### Data records
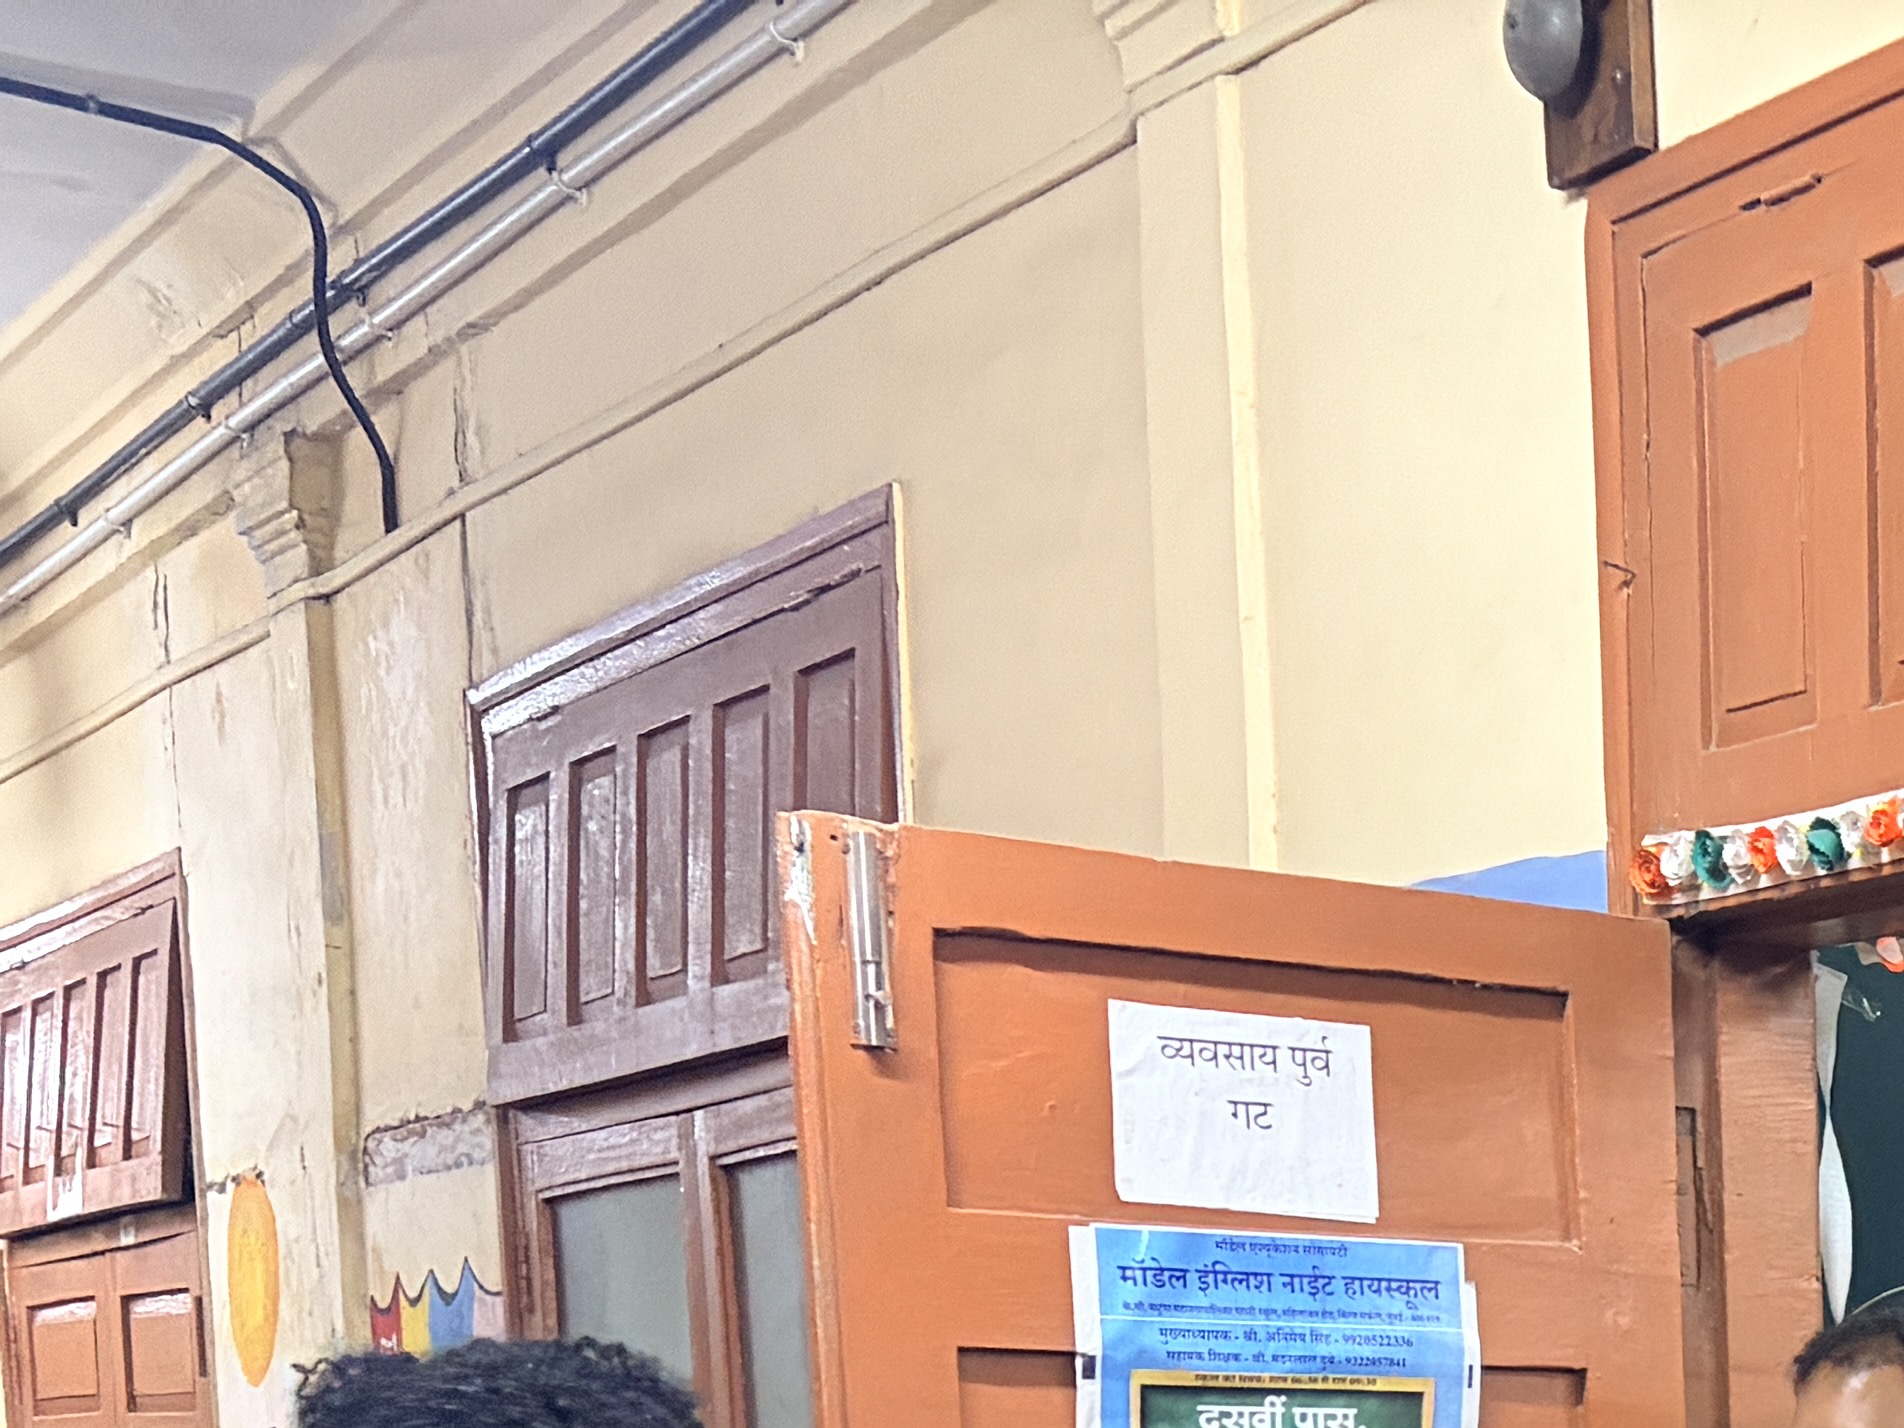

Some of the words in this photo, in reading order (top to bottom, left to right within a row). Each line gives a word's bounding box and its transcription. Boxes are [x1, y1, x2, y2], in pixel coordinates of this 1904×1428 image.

[1157, 1036, 1280, 1073] व्यवसाय
[1227, 1100, 1274, 1130] गट
[1117, 1257, 1190, 1289] मॉडेल
[1195, 1260, 1274, 1297] इंग्लिश
[1279, 1265, 1336, 1301] नाईट
[1341, 1276, 1442, 1311] हायस्कूल
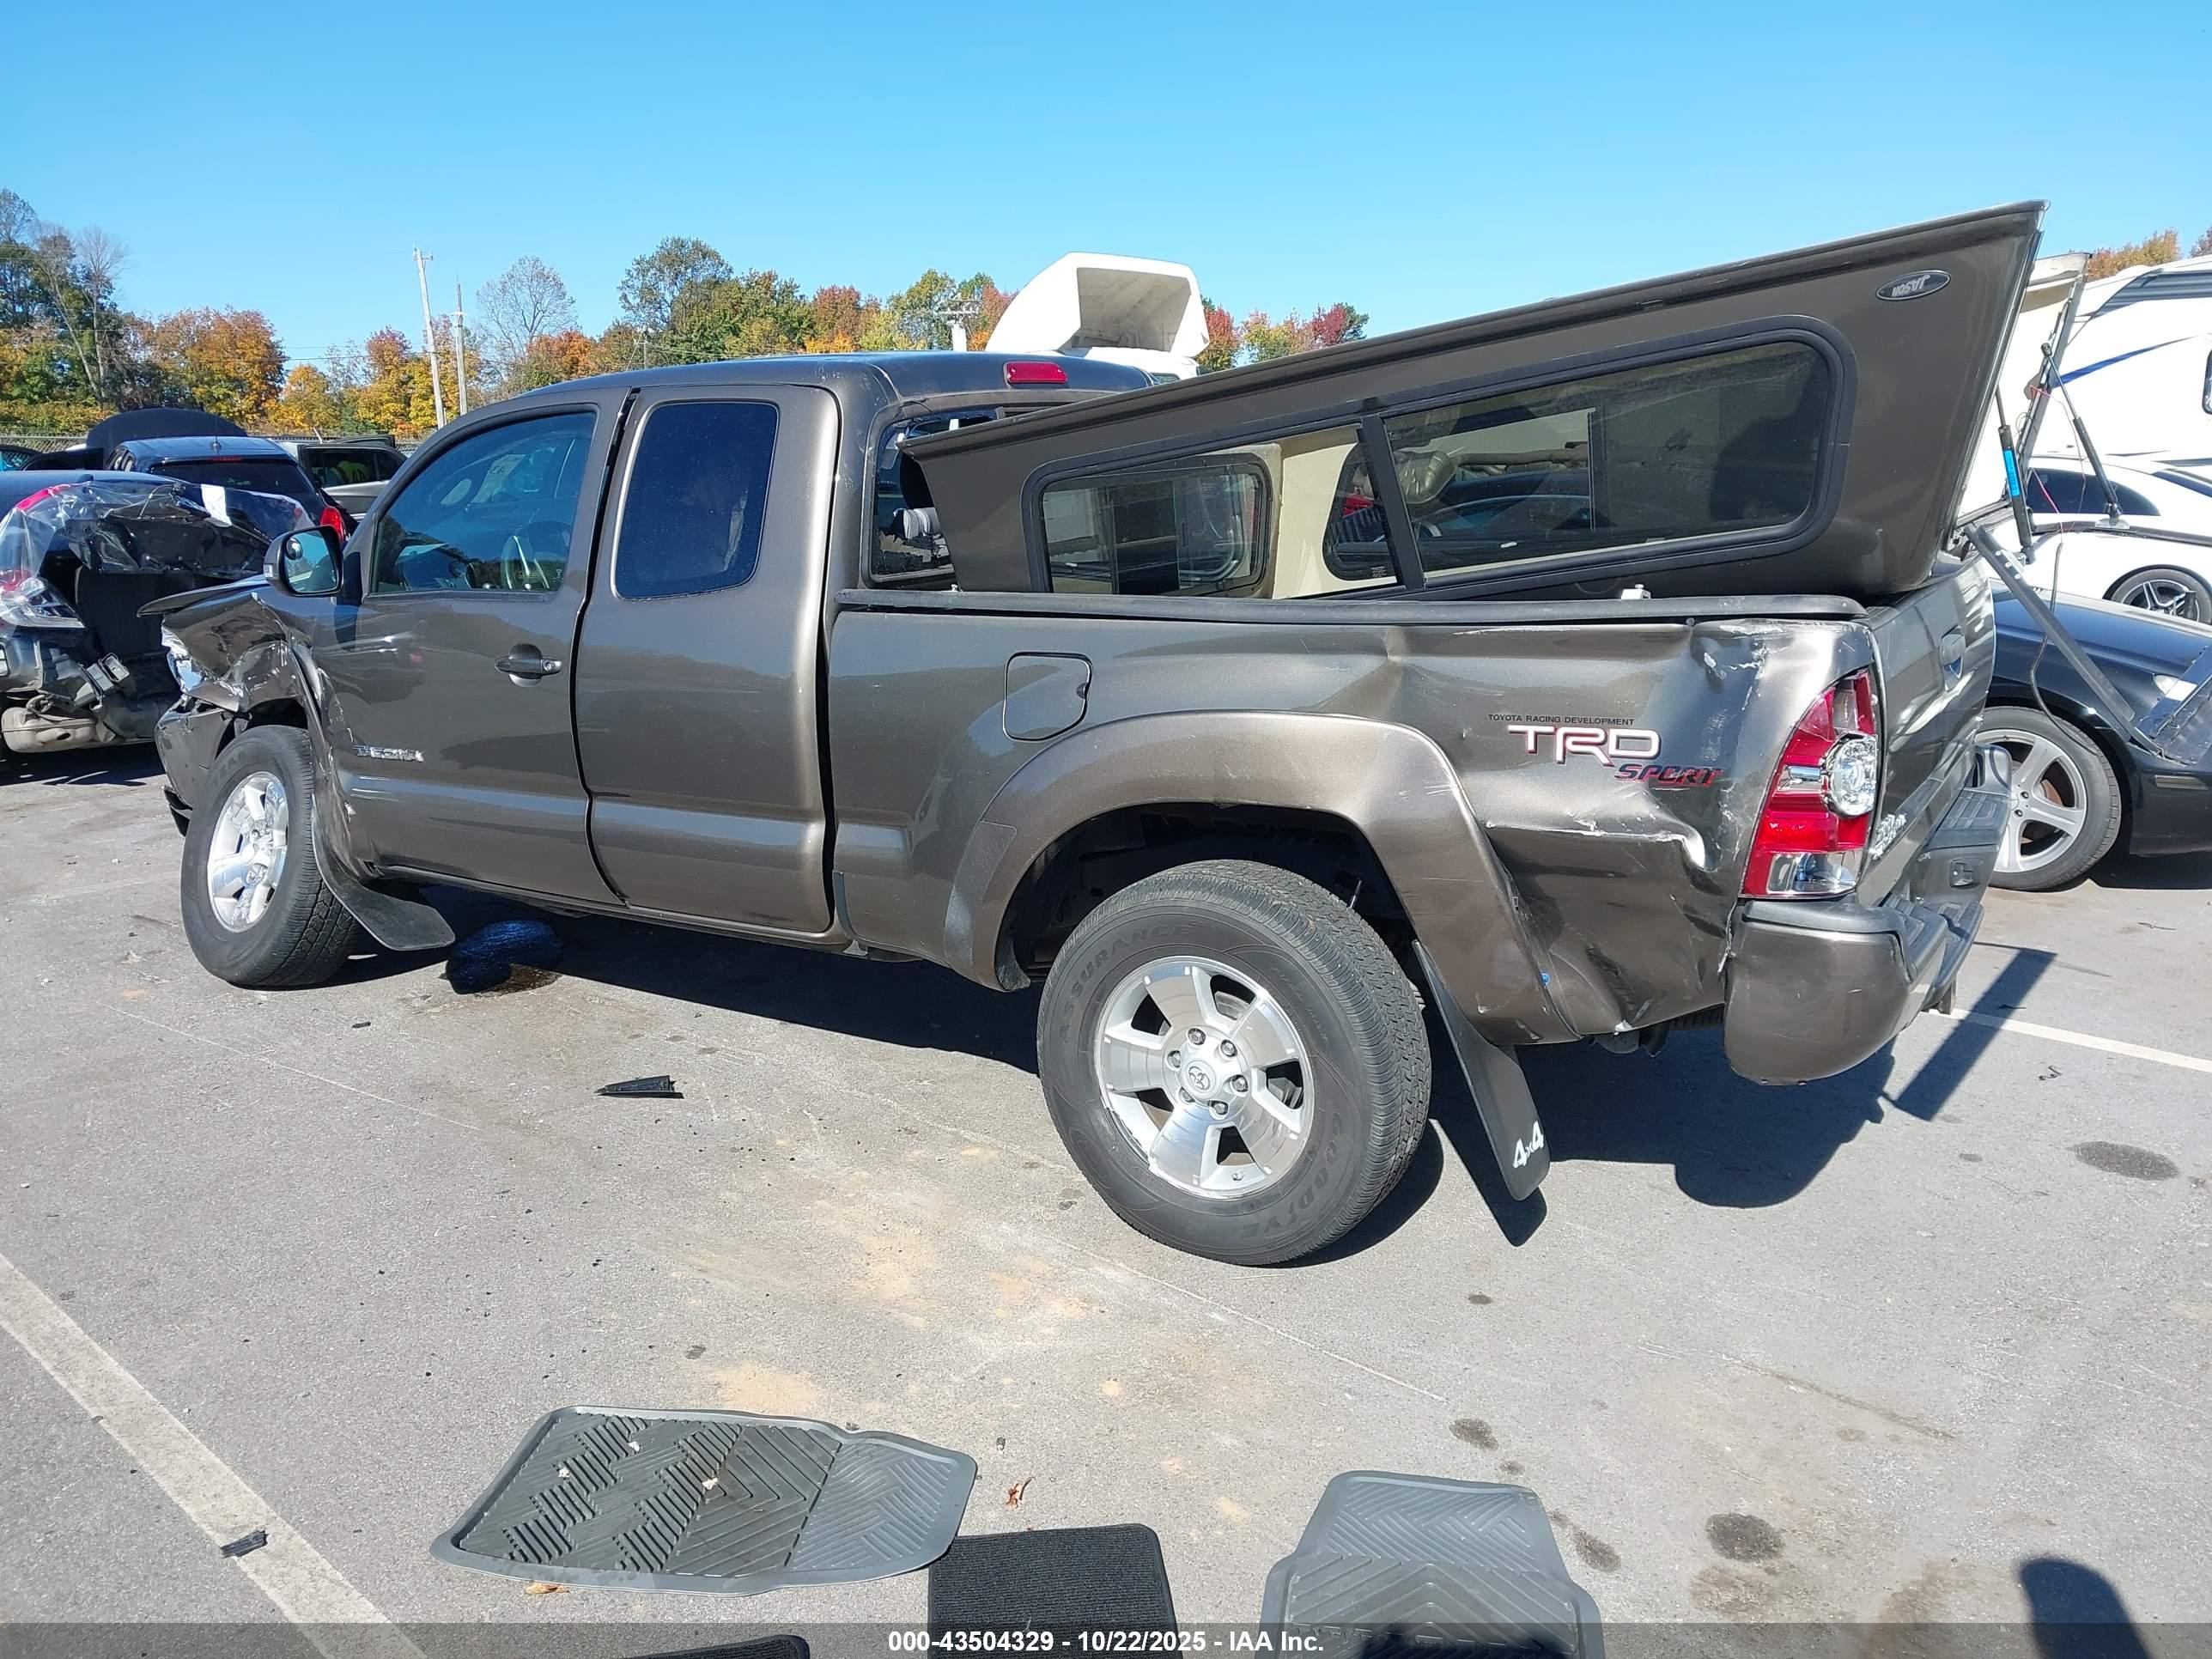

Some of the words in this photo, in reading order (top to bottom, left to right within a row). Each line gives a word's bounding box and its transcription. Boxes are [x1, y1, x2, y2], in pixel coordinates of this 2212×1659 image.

[1892, 274, 1931, 298] JASON
[1487, 714, 1522, 722] TOYOTA
[1525, 714, 1561, 724] RACING
[1564, 715, 1635, 726] DEVELOPMENT
[1507, 724, 1662, 768] TRD
[1614, 763, 1724, 787] SPORT
[1058, 924, 1190, 1044] ASSURANCE
[1219, 1112, 1343, 1242] GOODYE

### What this task involves
Output the data above exactly. Drop every picture.

### Output of the exercise
Some of the words in this photo, in reading order (top to bottom, left to right within a row). Each line gives a word's bounding box and its transcription. Boxes are [x1, y1, x2, y2], in pixel coordinates of this 1904×1428 image.

[1157, 1036, 1280, 1073] व्यवसाय
[1227, 1100, 1274, 1130] गट
[1117, 1257, 1190, 1289] मॉडेल
[1195, 1260, 1274, 1297] इंग्लिश
[1279, 1265, 1336, 1301] नाईट
[1341, 1276, 1442, 1311] हायस्कूल

Some of the words in this photo, in reading order (top to bottom, left to right within a row). Each line gives a word's bounding box and its transcription. Boxes are [x1, y1, x2, y2], in pixel coordinates of this 2212×1659 image.

[1892, 274, 1931, 298] JASON
[1487, 714, 1522, 722] TOYOTA
[1525, 714, 1561, 724] RACING
[1564, 715, 1635, 726] DEVELOPMENT
[1507, 724, 1662, 768] TRD
[1614, 763, 1724, 787] SPORT
[1058, 924, 1190, 1044] ASSURANCE
[1219, 1112, 1343, 1242] GOODYE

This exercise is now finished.